Wow! A 280 yr old mortar shell. And still potentially dangerous.
The mortar the merrier!
Visited Culloden battlefield back in 2006. It was one of the stops during the 3-week bus tour I took of the British Isles.
Wow! A 280 yr old mortar shell. And still potentially dangerous.
It would be a very remote possibility that this shell was dangerous (other than dropping it on your foot).
This was a blackpowder shell. Once it was wet it was not going to explode.
Being wet for, at least periodically, the saltpeter would have leached out of the blackpowder years ago.

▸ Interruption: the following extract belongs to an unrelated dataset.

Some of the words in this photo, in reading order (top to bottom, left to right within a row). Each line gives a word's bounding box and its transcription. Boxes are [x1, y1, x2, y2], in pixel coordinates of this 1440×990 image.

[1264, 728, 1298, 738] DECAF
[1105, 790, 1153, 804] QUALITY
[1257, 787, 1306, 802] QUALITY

Note the hole in the mortar. When ready for use the would have been plugged with a wooden pin through which the fuse passes. This plug buried in boggy ground would have rotted away a century ago.
I would imagine that the museum people mentioned safety just to satisfy the Karens reading the article.
"We made it safe for all the little children that visit the museum."
I visited Colloden with friends in 1985, and we discovered that people from two of our ancestral families had fought against each other at a particular spot there (the Stewarts of Appin v. the Munros).
Or not
so the place where the shell landed may mark the heart of the Culloden battlefield,
Or some other target, or a complete miss. Spinning tales from thin air.